#### Aim of the task:
Without any of the pictures, set down the data below exactly.

··· Records supplied ···

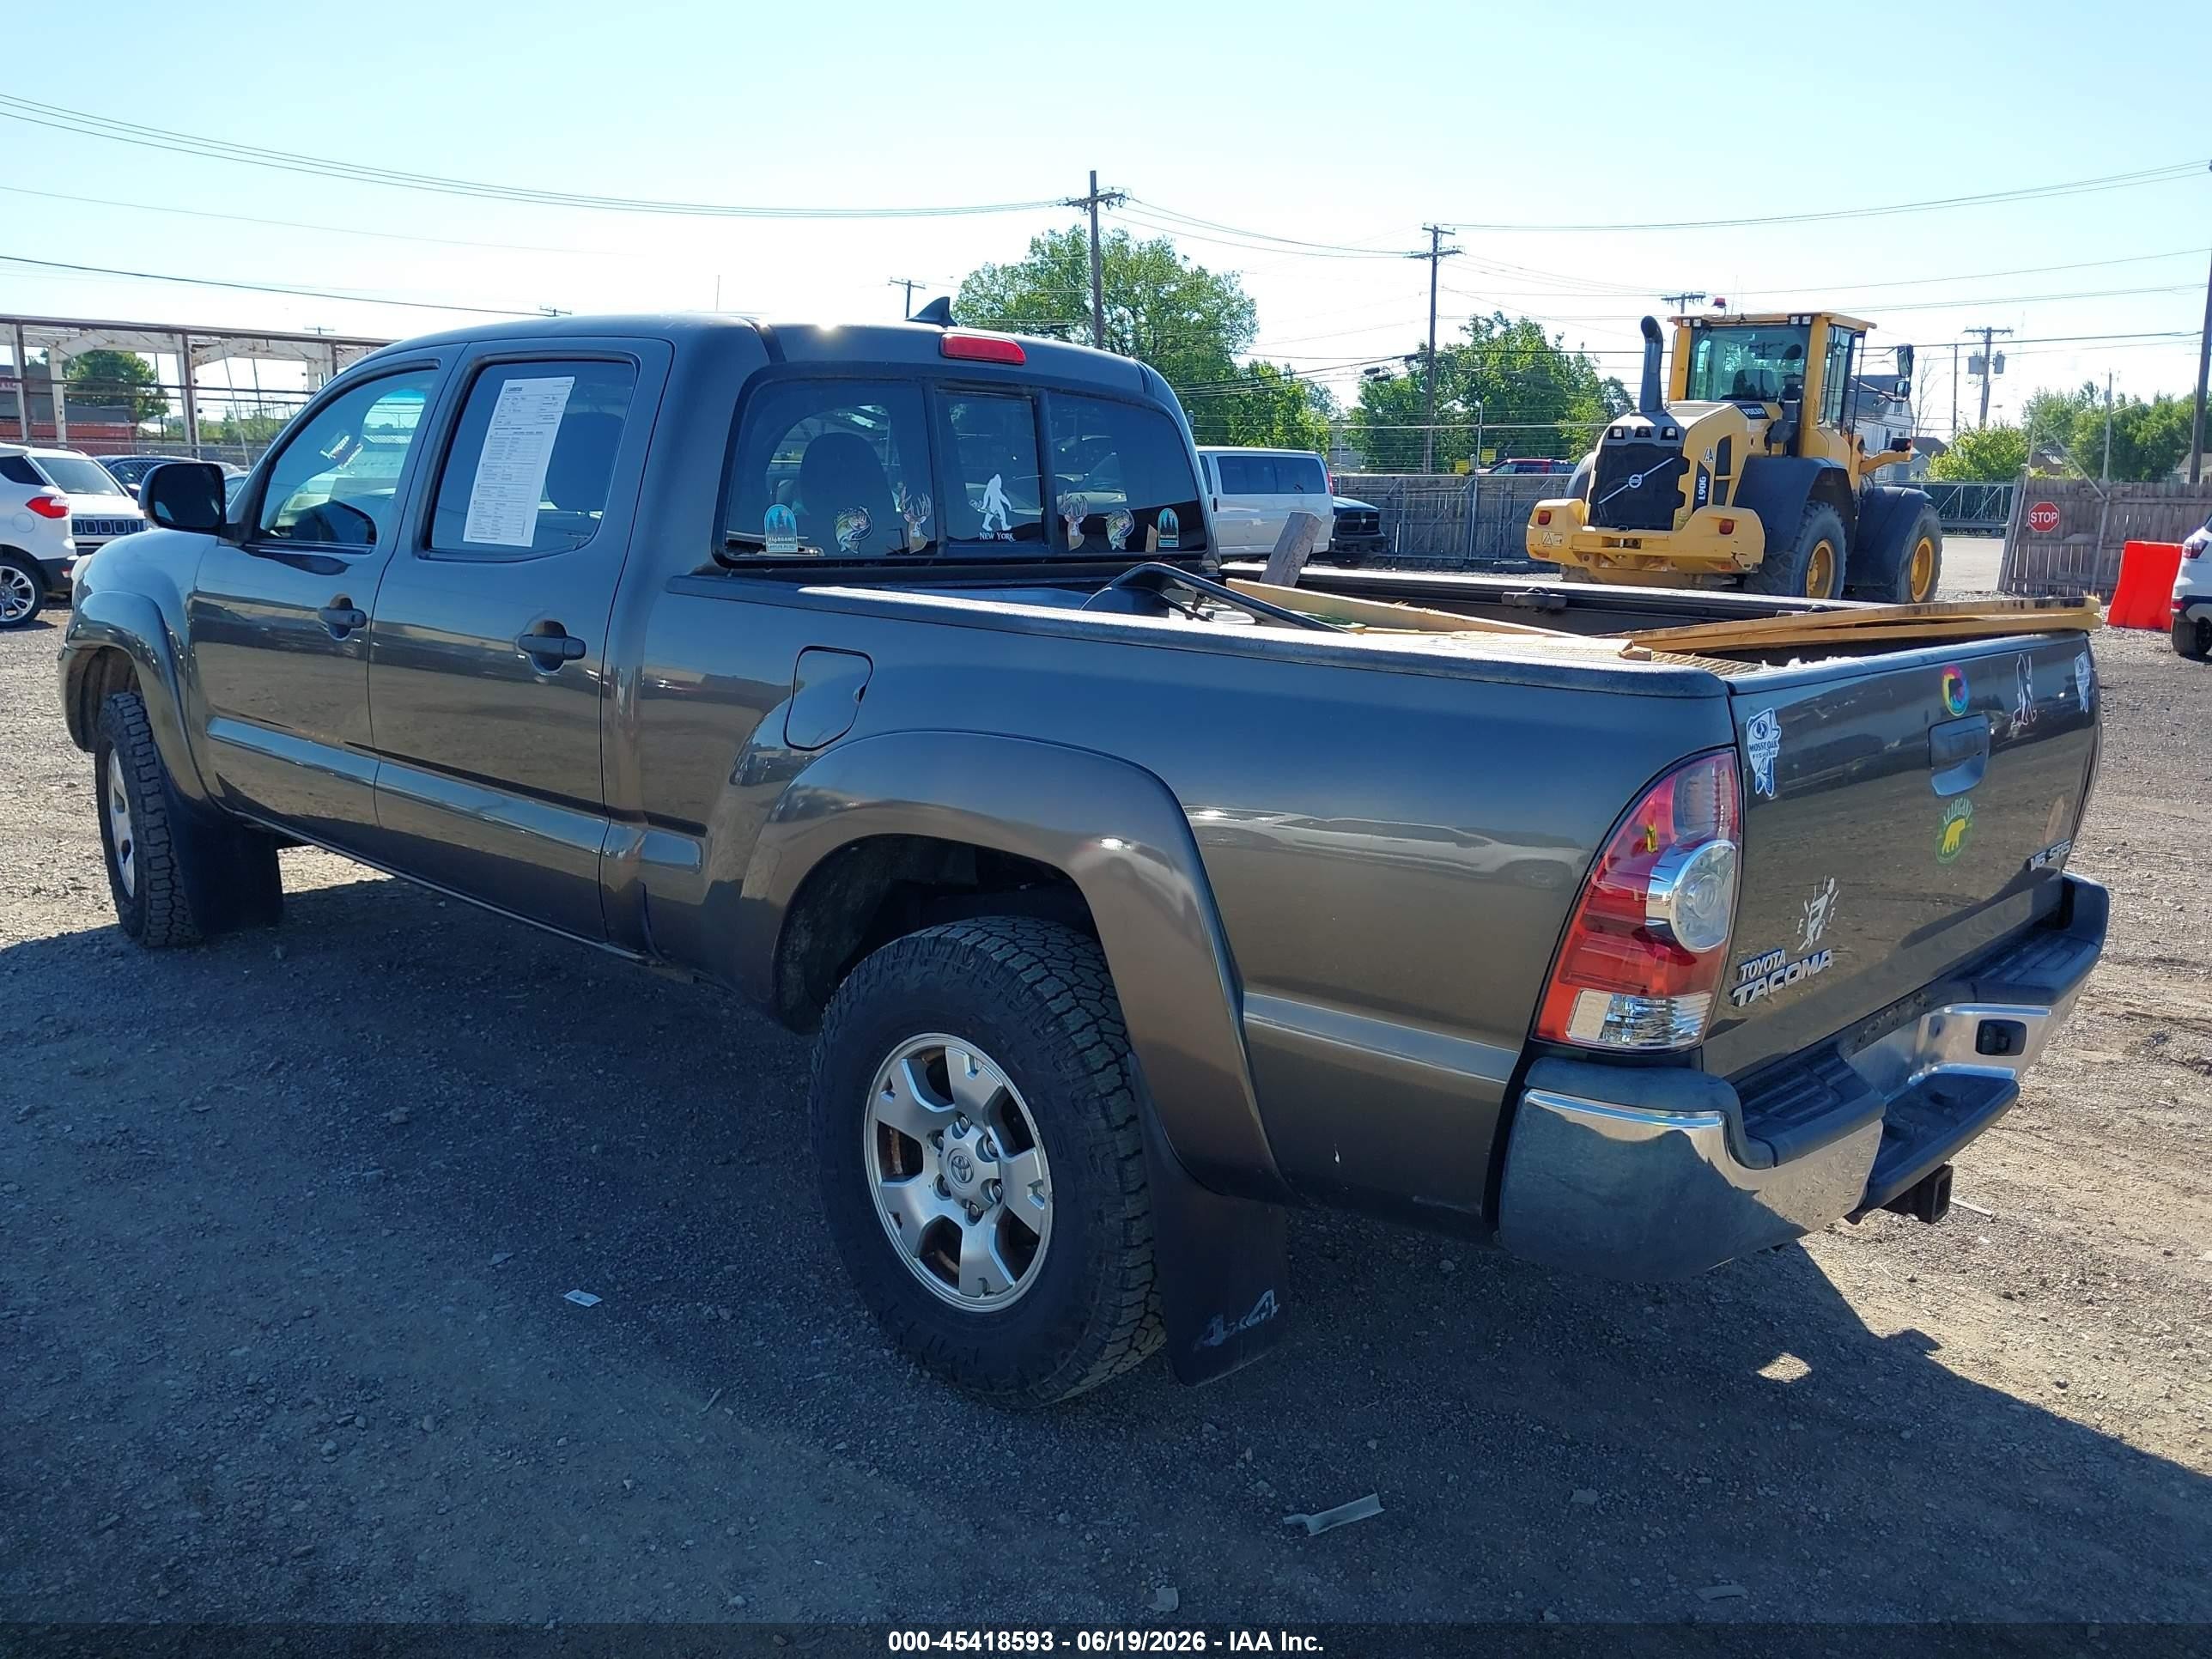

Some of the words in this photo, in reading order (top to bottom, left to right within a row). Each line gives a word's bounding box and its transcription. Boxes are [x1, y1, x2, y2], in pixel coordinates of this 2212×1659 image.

[1698, 476, 1707, 501] L90G
[2030, 511, 2058, 523] STOP
[979, 532, 994, 540] NEW
[996, 532, 1016, 543] YORK
[1748, 742, 1767, 752] MOSSY
[1740, 949, 1786, 982] TOYOTA
[1732, 949, 1833, 1007] TACOMA

···

#### Solution to this task:
Some of the words in this photo, in reading order (top to bottom, left to right within a row). Each line gives a word's bounding box and its transcription. Boxes are [x1, y1, x2, y2], in pixel coordinates of this 2212×1659 image.

[1698, 476, 1707, 501] L90G
[2030, 511, 2058, 523] STOP
[979, 532, 994, 540] NEW
[996, 532, 1016, 543] YORK
[1748, 742, 1767, 752] MOSSY
[1740, 949, 1786, 982] TOYOTA
[1732, 949, 1833, 1007] TACOMA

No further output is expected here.